Meno di due anni dopo Trump, fra i suoi primi atti da presidente, ha ritirato gli Usa dalla Trans Pacific Partnership. L’accordo di libero scambio, firmato in Nuova Zelanda nel 2016 dopo sette anni di negoziati fra fortemente spinti dall’amministrazione Obama, impegnava il 40% del Pil mondiale generato da 12 paesei, fra Canada e Cile, fra Giappone e Australia, passando per il Brunei e Singapore. La Casa Bianca democrat non aveva dubbi: la crescita socio-economica e e la stabilità geopolitica potevano passare solo da qui.
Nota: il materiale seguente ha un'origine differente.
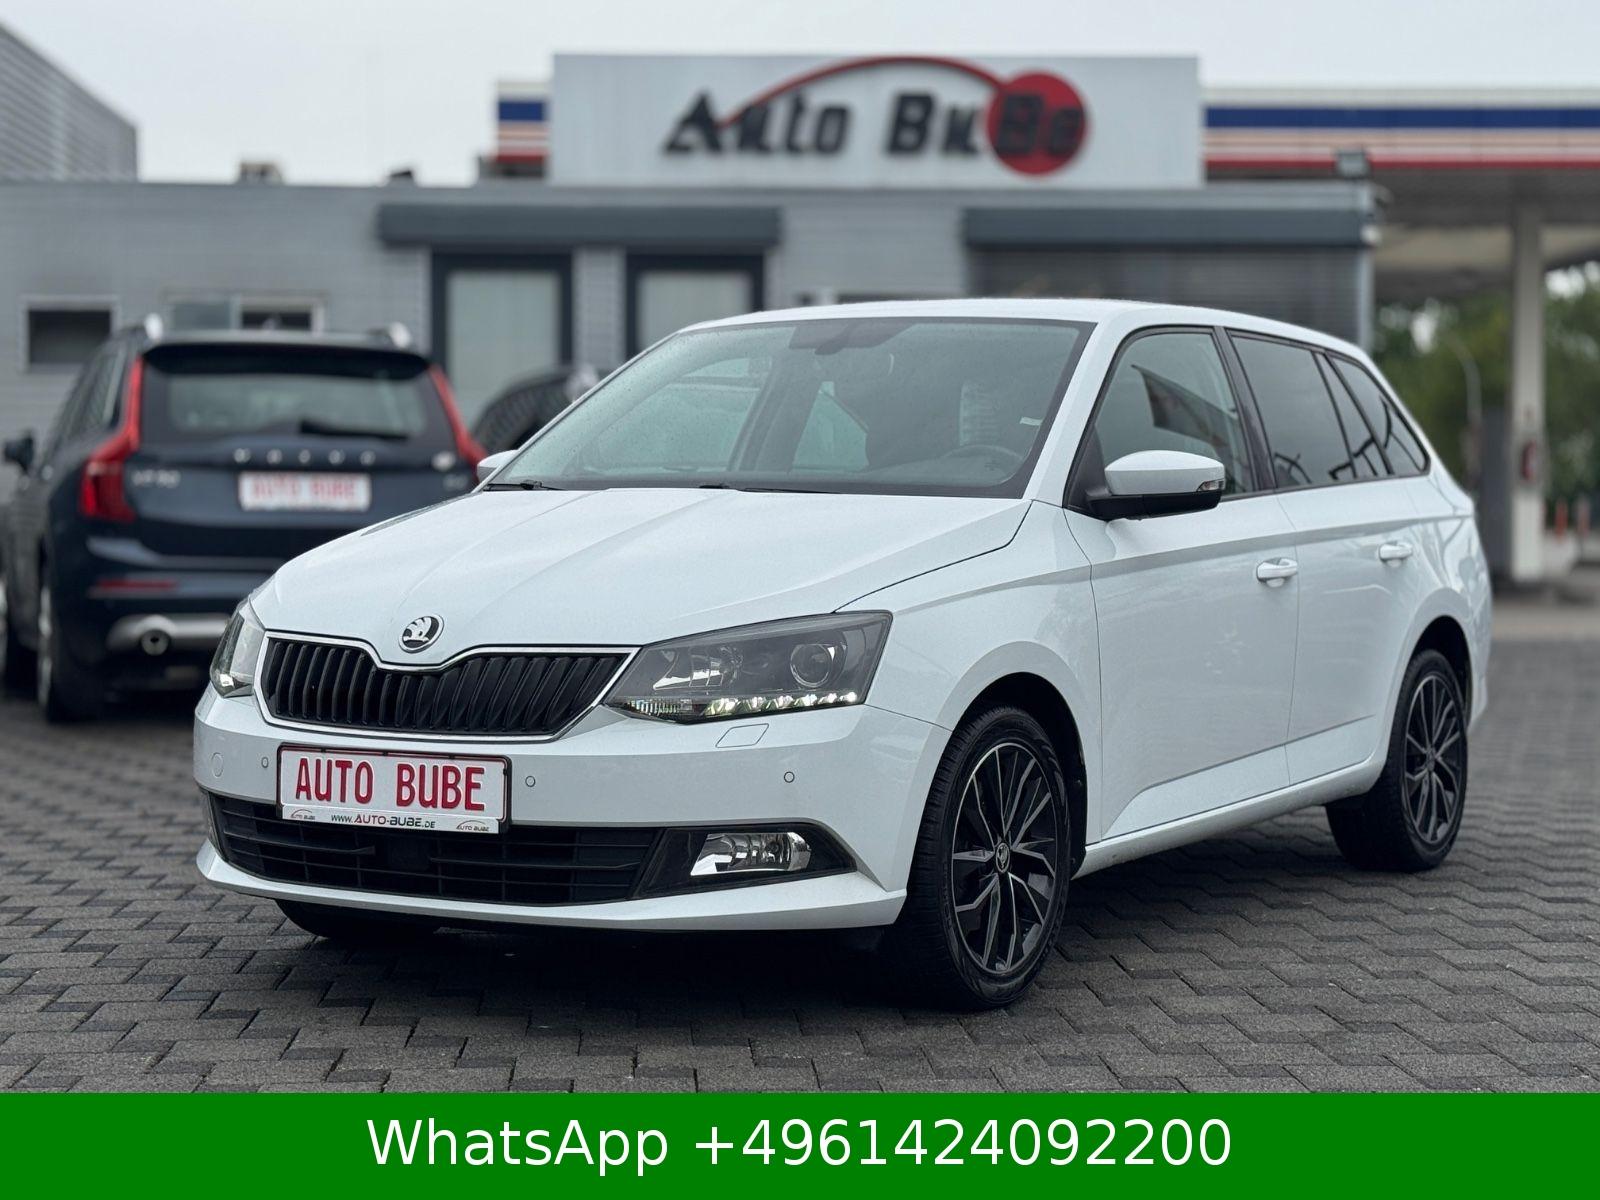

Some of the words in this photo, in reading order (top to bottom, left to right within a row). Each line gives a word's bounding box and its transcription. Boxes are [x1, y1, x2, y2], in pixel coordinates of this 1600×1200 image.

[664, 88, 849, 155] Auto
[295, 758, 374, 804] AUTO
[396, 763, 485, 811] BUBE
Soltanto un nuovo e deciso passo in avanti nel multilateralismo avrebbe sollecitato anzitutto la Cina a inserirsi in una globalizzazione positiva e avrebbe mantenuto in cima al discorso pubblico internazionale lo sviluppo sostenibile, rinvigorito fra l’altro dall’enciclica “Laudato Sì” di Papa Francesco. Un’idea di mondo in cui la libertà d’impresa in un libero mercato (libero perché grande e riconosciuto da tutti nelle sue regole) continua ad essere annunciata assai più come un “diritto umano” che come format di competizione darwiniana.
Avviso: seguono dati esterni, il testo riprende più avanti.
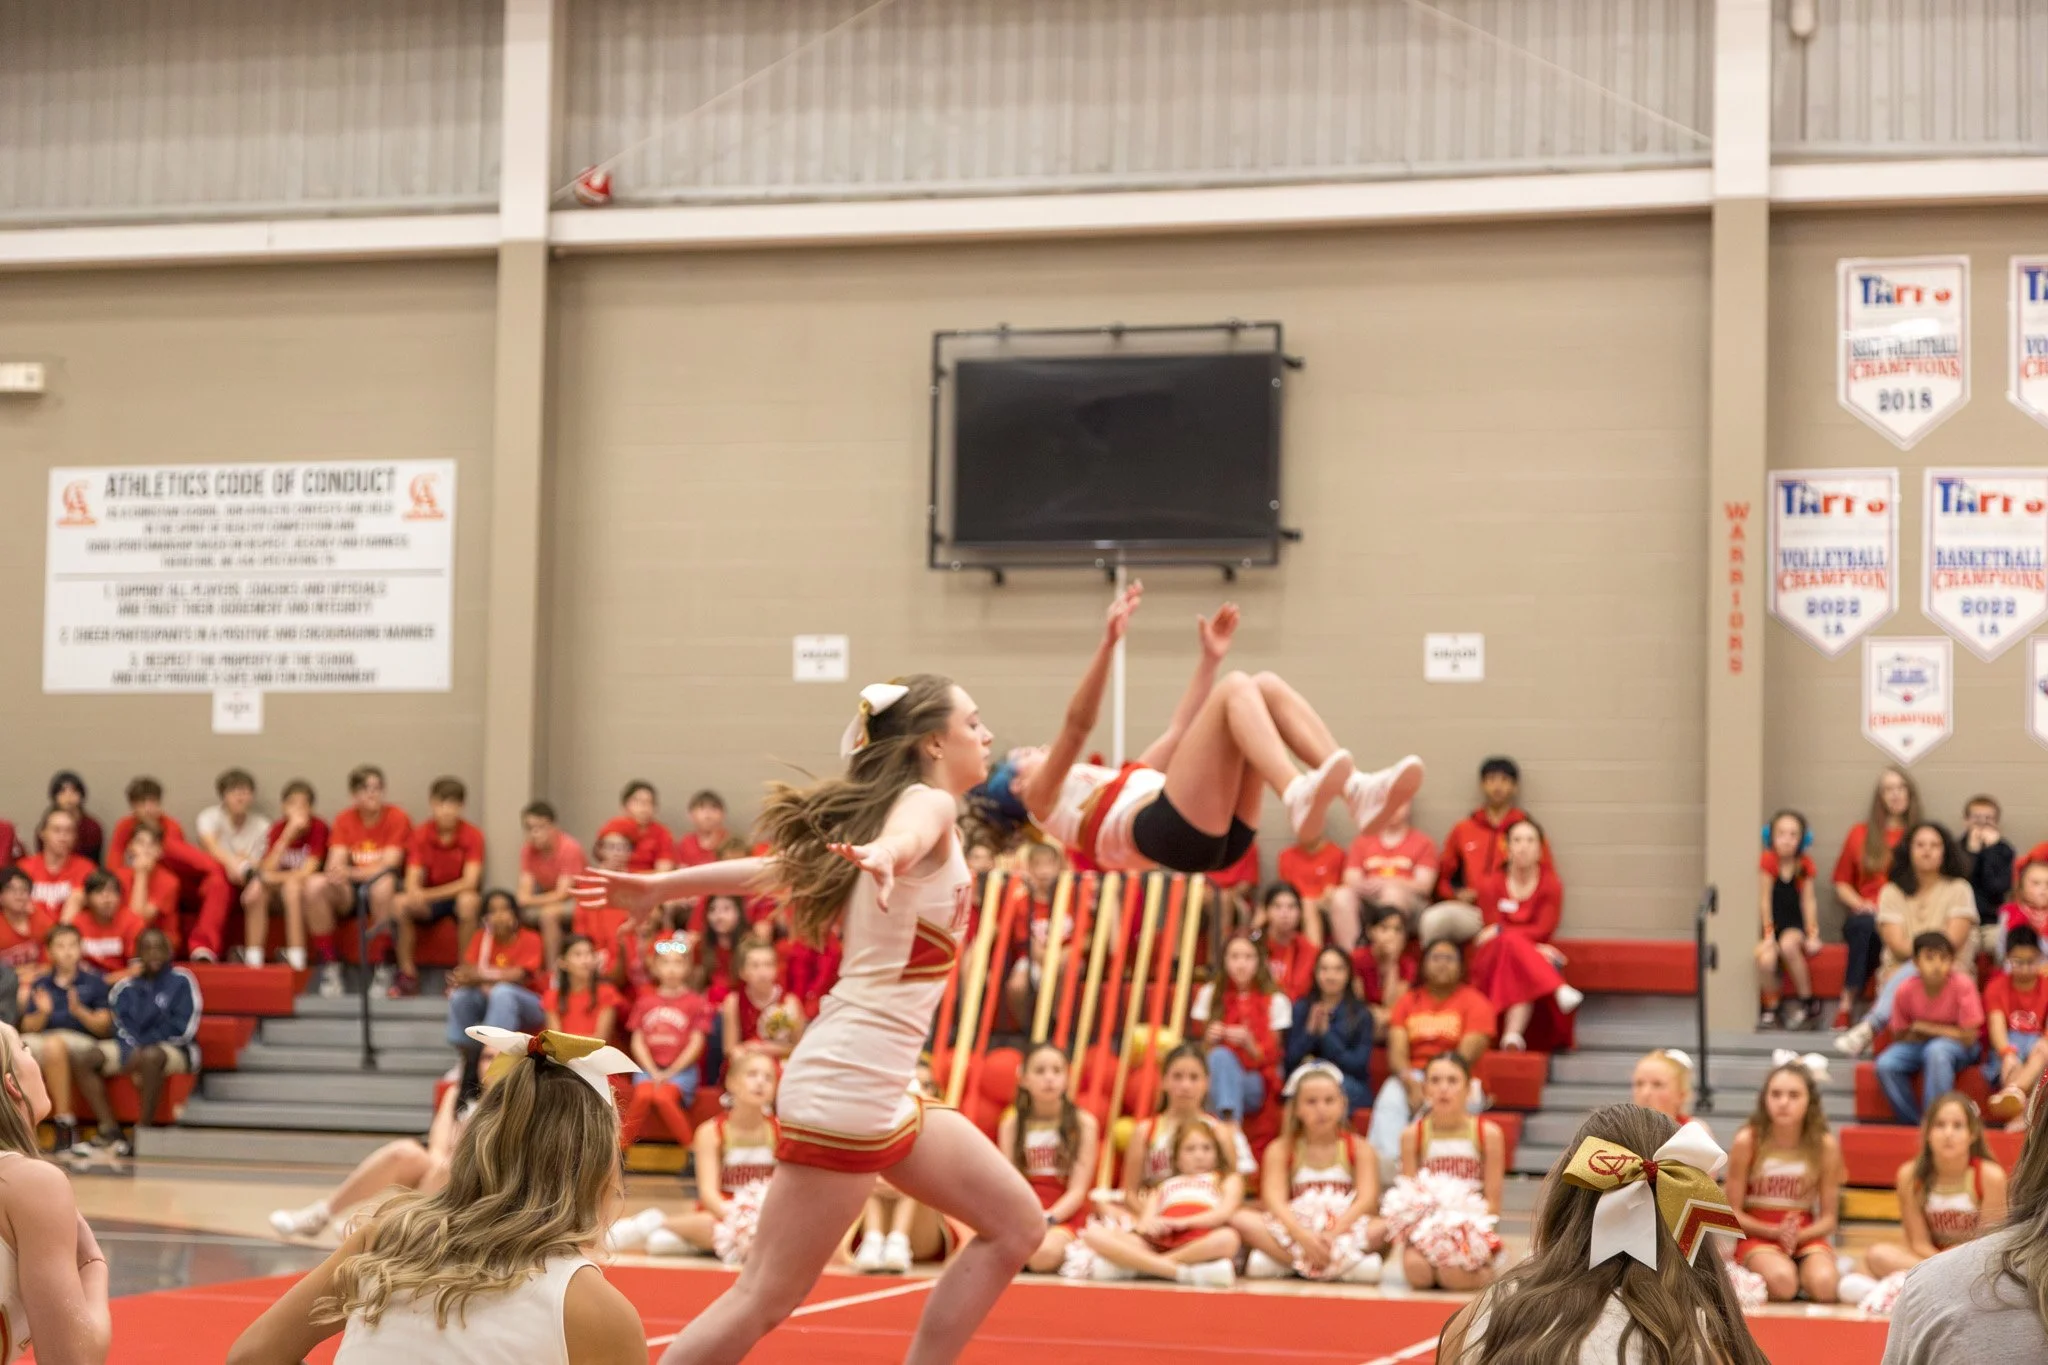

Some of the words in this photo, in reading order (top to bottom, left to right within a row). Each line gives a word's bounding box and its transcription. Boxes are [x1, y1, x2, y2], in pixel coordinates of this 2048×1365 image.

[1850, 357, 1960, 380] CHAMPIONS
[103, 471, 209, 497] ATHLETICS
[215, 470, 265, 497] CODE
[272, 469, 296, 496] OF
[302, 468, 396, 495] CONDUCT
[1780, 546, 1886, 568] VOLLEYBALL
[1935, 546, 2042, 568] BASKETBALL
[1724, 502, 1750, 673] WARRIORS
[1933, 569, 2046, 592] CHAMPIONS
Ma anche altrove per il liberoscambismo sembra pieno inverno: anzitutto per quello “2.0” che affiancava al TPP il gemello TTIP, per formare un mercato unico fra Usa e Ue. Più di un anno fa la Germania ha dichiarato “falliti” i colloqui: troppi – una cinquantina – i fronti di attrito commerciale aperti fra le due sponde dell’Atlantico. Troppe – fra l’altro – le ruggini lasciate fra America ed Europa, dalla crisi finanziaria globale. Troppe le incomprensioni latenti sul muro (commerciale) alzato dalla Ue verso la Russia dopo la controversa crisi ucraina, sotto i fari Usa. Un altro frangente in cui la diplomazia militare ha prevaricato su quella economica nel peggioramento delle relazioni internazionali.
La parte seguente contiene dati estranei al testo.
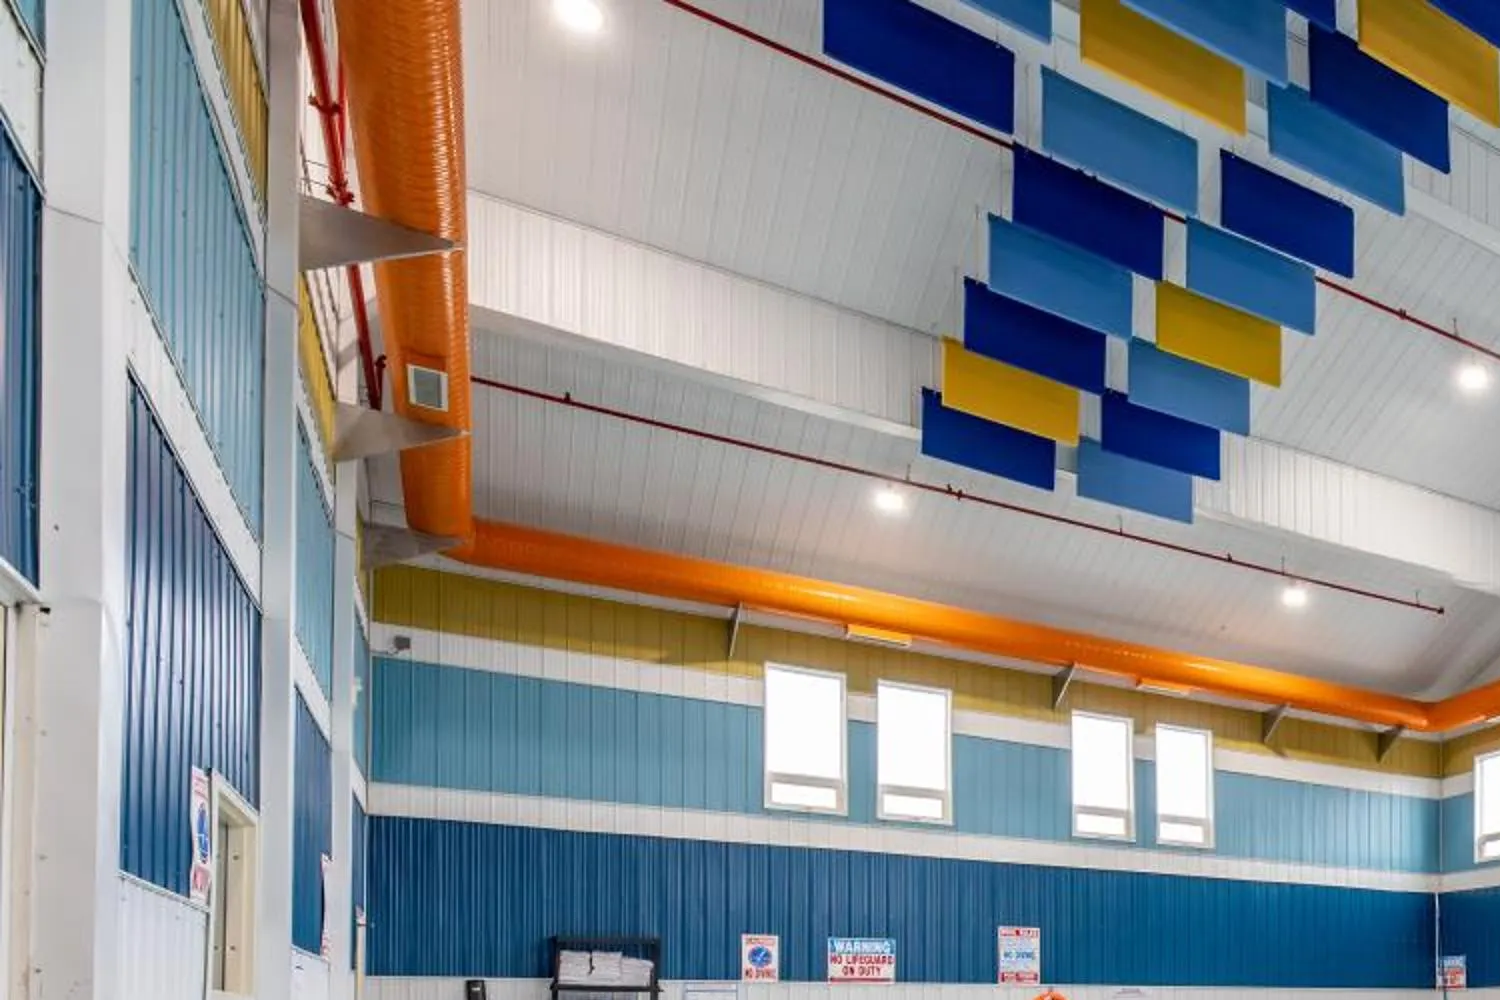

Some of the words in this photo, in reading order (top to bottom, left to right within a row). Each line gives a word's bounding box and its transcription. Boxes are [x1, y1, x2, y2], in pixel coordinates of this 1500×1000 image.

[834, 940, 891, 954] WARNING
[830, 955, 844, 965] NO
[846, 955, 894, 965] LIFEGUARD
[841, 966, 854, 977] ON
[858, 966, 882, 977] DUTY
L’Unione europea stessa, del resto, pensa di ridividersi “a due velocità” al suo interno, avendo quasi dimenticato che la ricostruzione pacifica nel dopoguerra ebbe due punti di partenza: il piano Marshall (l’accettazione dell’aiuto economico degli Stati Uniti) e la Ceca, il primo mercato unico quando carbone e acciaio erano beni strategici per l’industria. E quale futuro immediato è possibile immaginare – su questo sfondo – per il protocollo commerciale Fra Ue e Giappone, definito in linea di principio – lo scorso luglio?
Sul tavolo, nel frattempo, resta la “Nuova Via della Seta”: l’iniziativa strategica della Cina per favorire l’integrazione dell’Eurasia. Il piano “Obor” (one belt, one road) nella sue dimensione estesa terrebbe assieme Cina e Ue, Russia e India, Egitto e Arabia Saudita, Etiopia e Indonesia. Non è (almeno non ancora) un progetto di “mercato unico”: il suo concept è una maxi-rete infrastrutturale tradizionale, sulla quale far scorrere merci e persone. Non ha avuto un’origine multilaterale: è una proposta della Cina, che ancora una volta non sembra far nulla per nascondere le peculiarità di un sistema non liberale, che si concepisce più come potenza in espansione che come parte di una comunità globale. Ma così com’è accaduto per gli Accordi di Parigi sul Clima – osteggiati dall’America di Trump e difesi da Pechino – anche sul terreno dell’integrazione economica paradosso vuole che le patrie della libertà politico-economica stiano perdendo il loro primato culturale.